■ WHAT TO DO
Reproduce each line of the data exactly as it is.

■ THE DATA
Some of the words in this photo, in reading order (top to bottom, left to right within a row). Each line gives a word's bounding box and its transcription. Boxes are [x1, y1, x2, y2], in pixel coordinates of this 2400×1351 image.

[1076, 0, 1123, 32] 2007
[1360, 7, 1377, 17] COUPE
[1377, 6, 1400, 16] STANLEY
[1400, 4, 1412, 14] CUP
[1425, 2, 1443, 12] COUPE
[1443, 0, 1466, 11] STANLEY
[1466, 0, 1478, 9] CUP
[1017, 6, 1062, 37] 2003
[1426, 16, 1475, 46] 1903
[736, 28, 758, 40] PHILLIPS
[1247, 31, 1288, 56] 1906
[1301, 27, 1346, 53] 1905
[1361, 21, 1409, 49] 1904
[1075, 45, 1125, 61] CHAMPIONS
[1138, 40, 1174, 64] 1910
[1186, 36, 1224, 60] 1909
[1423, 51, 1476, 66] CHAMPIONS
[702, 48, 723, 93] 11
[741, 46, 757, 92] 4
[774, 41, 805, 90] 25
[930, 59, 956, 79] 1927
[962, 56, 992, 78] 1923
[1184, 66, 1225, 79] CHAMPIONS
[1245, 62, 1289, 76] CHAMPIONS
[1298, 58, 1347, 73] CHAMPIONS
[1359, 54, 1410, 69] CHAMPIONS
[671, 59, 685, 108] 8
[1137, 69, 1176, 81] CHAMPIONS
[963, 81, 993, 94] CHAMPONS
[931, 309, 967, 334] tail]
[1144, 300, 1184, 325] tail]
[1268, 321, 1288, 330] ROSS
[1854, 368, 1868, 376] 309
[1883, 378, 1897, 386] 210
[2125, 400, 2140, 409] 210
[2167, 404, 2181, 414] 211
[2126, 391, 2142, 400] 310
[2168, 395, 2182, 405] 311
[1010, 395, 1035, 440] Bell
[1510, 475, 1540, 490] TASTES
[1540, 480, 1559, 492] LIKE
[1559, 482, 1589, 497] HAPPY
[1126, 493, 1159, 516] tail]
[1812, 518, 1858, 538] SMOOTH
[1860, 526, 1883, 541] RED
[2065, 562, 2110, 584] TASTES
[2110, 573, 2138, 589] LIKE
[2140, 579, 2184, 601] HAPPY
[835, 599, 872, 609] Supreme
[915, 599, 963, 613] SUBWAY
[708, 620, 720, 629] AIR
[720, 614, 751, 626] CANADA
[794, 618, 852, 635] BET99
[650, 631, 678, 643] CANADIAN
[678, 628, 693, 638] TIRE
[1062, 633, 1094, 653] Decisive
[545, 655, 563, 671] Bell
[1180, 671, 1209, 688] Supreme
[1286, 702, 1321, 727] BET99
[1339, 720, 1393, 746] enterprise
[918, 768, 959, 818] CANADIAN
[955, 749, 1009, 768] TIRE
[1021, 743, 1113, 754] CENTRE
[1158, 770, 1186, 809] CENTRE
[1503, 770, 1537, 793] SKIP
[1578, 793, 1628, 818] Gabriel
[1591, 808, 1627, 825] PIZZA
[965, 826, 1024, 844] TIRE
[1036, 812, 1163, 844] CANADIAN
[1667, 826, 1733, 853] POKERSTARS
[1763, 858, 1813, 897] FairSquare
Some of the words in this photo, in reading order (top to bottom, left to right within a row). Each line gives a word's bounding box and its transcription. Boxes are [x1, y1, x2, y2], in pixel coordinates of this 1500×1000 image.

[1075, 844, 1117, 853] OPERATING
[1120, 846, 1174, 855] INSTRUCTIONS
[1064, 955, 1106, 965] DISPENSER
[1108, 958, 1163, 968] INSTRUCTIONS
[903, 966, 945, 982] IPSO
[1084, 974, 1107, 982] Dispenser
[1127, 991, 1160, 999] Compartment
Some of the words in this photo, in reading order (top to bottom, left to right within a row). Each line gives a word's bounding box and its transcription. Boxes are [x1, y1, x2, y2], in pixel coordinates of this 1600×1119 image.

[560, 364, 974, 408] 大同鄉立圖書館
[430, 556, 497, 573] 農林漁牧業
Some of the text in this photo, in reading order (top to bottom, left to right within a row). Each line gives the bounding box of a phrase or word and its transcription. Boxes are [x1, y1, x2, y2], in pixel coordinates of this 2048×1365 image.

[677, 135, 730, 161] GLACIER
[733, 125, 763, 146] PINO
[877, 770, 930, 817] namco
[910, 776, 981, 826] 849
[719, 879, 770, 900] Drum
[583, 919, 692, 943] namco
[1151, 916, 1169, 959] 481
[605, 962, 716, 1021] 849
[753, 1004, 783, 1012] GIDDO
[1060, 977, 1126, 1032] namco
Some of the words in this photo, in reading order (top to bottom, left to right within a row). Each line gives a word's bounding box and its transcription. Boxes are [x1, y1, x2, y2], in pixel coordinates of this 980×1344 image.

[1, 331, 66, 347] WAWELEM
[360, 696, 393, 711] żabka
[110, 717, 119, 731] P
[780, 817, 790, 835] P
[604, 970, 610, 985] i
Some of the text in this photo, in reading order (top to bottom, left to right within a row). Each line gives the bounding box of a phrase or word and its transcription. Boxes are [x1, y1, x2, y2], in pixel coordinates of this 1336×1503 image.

■ WRITTEN ANSWER
Some of the words in this photo, in reading order (top to bottom, left to right within a row). Each line gives a word's bounding box and its transcription. Boxes are [x1, y1, x2, y2], in pixel coordinates of this 2400×1351 image.

[1076, 0, 1123, 32] 2007
[1360, 7, 1377, 17] COUPE
[1377, 6, 1400, 16] STANLEY
[1400, 4, 1412, 14] CUP
[1425, 2, 1443, 12] COUPE
[1443, 0, 1466, 11] STANLEY
[1466, 0, 1478, 9] CUP
[1017, 6, 1062, 37] 2003
[1426, 16, 1475, 46] 1903
[736, 28, 758, 40] PHILLIPS
[1247, 31, 1288, 56] 1906
[1301, 27, 1346, 53] 1905
[1361, 21, 1409, 49] 1904
[1075, 45, 1125, 61] CHAMPIONS
[1138, 40, 1174, 64] 1910
[1186, 36, 1224, 60] 1909
[1423, 51, 1476, 66] CHAMPIONS
[702, 48, 723, 93] 11
[741, 46, 757, 92] 4
[774, 41, 805, 90] 25
[930, 59, 956, 79] 1927
[962, 56, 992, 78] 1923
[1184, 66, 1225, 79] CHAMPIONS
[1245, 62, 1289, 76] CHAMPIONS
[1298, 58, 1347, 73] CHAMPIONS
[1359, 54, 1410, 69] CHAMPIONS
[671, 59, 685, 108] 8
[1137, 69, 1176, 81] CHAMPIONS
[963, 81, 993, 94] CHAMPONS
[931, 309, 967, 334] tail]
[1144, 300, 1184, 325] tail]
[1268, 321, 1288, 330] ROSS
[1854, 368, 1868, 376] 309
[1883, 378, 1897, 386] 210
[2125, 400, 2140, 409] 210
[2167, 404, 2181, 414] 211
[2126, 391, 2142, 400] 310
[2168, 395, 2182, 405] 311
[1010, 395, 1035, 440] Bell
[1510, 475, 1540, 490] TASTES
[1540, 480, 1559, 492] LIKE
[1559, 482, 1589, 497] HAPPY
[1126, 493, 1159, 516] tail]
[1812, 518, 1858, 538] SMOOTH
[1860, 526, 1883, 541] RED
[2065, 562, 2110, 584] TASTES
[2110, 573, 2138, 589] LIKE
[2140, 579, 2184, 601] HAPPY
[835, 599, 872, 609] Supreme
[915, 599, 963, 613] SUBWAY
[708, 620, 720, 629] AIR
[720, 614, 751, 626] CANADA
[794, 618, 852, 635] BET99
[650, 631, 678, 643] CANADIAN
[678, 628, 693, 638] TIRE
[1062, 633, 1094, 653] Decisive
[545, 655, 563, 671] Bell
[1180, 671, 1209, 688] Supreme
[1286, 702, 1321, 727] BET99
[1339, 720, 1393, 746] enterprise
[918, 768, 959, 818] CANADIAN
[955, 749, 1009, 768] TIRE
[1021, 743, 1113, 754] CENTRE
[1158, 770, 1186, 809] CENTRE
[1503, 770, 1537, 793] SKIP
[1578, 793, 1628, 818] Gabriel
[1591, 808, 1627, 825] PIZZA
[965, 826, 1024, 844] TIRE
[1036, 812, 1163, 844] CANADIAN
[1667, 826, 1733, 853] POKERSTARS
[1763, 858, 1813, 897] FairSquare
Some of the words in this photo, in reading order (top to bottom, left to right within a row). Each line gives a word's bounding box and its transcription. Boxes are [x1, y1, x2, y2], in pixel coordinates of this 1500×1000 image.

[1075, 844, 1117, 853] OPERATING
[1120, 846, 1174, 855] INSTRUCTIONS
[1064, 955, 1106, 965] DISPENSER
[1108, 958, 1163, 968] INSTRUCTIONS
[903, 966, 945, 982] IPSO
[1084, 974, 1107, 982] Dispenser
[1127, 991, 1160, 999] Compartment
Some of the words in this photo, in reading order (top to bottom, left to right within a row). Each line gives a word's bounding box and its transcription. Boxes are [x1, y1, x2, y2], in pixel coordinates of this 1600×1119 image.

[560, 364, 974, 408] 大同鄉立圖書館
[430, 556, 497, 573] 農林漁牧業
Some of the text in this photo, in reading order (top to bottom, left to right within a row). Each line gives the bounding box of a phrase or word and its transcription. Boxes are [x1, y1, x2, y2], in pixel coordinates of this 2048×1365 image.

[677, 135, 730, 161] GLACIER
[733, 125, 763, 146] PINO
[877, 770, 930, 817] namco
[910, 776, 981, 826] 849
[719, 879, 770, 900] Drum
[583, 919, 692, 943] namco
[1151, 916, 1169, 959] 481
[605, 962, 716, 1021] 849
[753, 1004, 783, 1012] GIDDO
[1060, 977, 1126, 1032] namco
Some of the words in this photo, in reading order (top to bottom, left to right within a row). Each line gives a word's bounding box and its transcription. Boxes are [x1, y1, x2, y2], in pixel coordinates of this 980×1344 image.

[1, 331, 66, 347] WAWELEM
[360, 696, 393, 711] żabka
[110, 717, 119, 731] P
[780, 817, 790, 835] P
[604, 970, 610, 985] i
Some of the text in this photo, in reading order (top to bottom, left to right within a row). Each line gives the bounding box of a phrase or word and its transcription. Boxes are [x1, y1, x2, y2], in pixel coordinates of this 1336×1503 image.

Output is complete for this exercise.